The Elves, the Shoemaker, & the Shoemaker's Wife is a slight variation of the classic tale "The Elves and the Shoemaker." Sam is a shoemaker in Latrobe where his business is struggling. He is a kind and generous person who gives to those in need, but unfortunately, it comes to the point where Sam must close his shop.

 

The elves come in at night while Sam and his wife sleep and make a pair of shoes which quickly sells the next day. This allows Sam and his wife to buy more supplies.

    

The elves return and make more shoes and Sam invites them to stay. His business is saved.


Notes

The story in this book is played out in a marionette performance at Brown's Marionette Theater in Episode 1350 of Mister Rogers' Neighborhood.


A Note From Fred Rogers

Dear Friends,

A child who sets the table or does other simple kinds of family work can get a sense of being a contributor to the family's well-being -- and rightly deserves this sense.

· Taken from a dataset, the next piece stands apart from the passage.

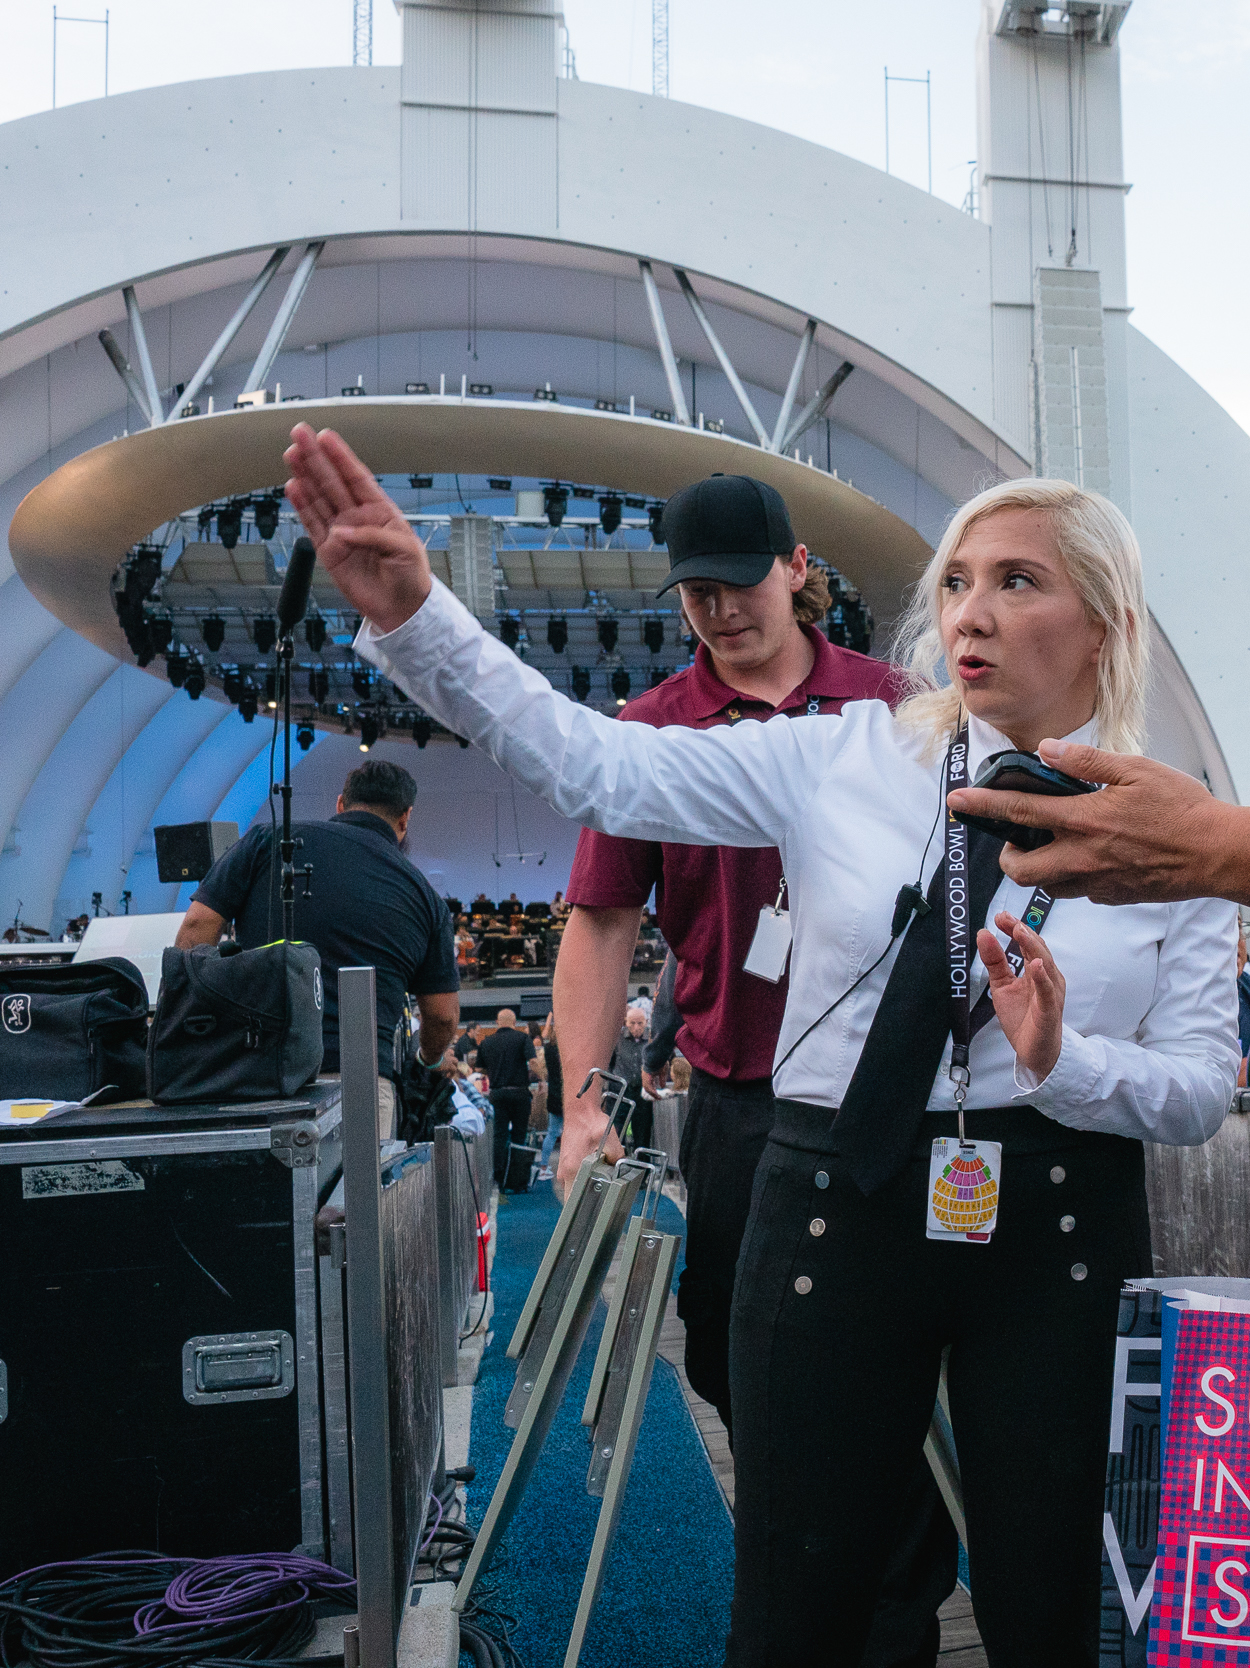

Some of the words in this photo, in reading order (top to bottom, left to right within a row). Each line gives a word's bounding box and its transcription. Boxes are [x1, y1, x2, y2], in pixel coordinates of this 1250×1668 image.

The elves in this story have always represented to me "children who want to be helpful to their parents." There's a joyful fantasy in growing children that they could do somethingso helpful -- so useful -- that their parents would really be proud of them and genuinely served by their efforts.

Children have longings not only to be able to help their parents but sometimes surpass them as well. Their ultimate solution to this very healthy desire implies the responsibility and competence of adulthood.

So -- this is a story the roots of which touch the real desire to have something of value to offer -- and the eventual inclusion in the family's work of those who want to be so helpfu. It is a story about the worth of the little and the young.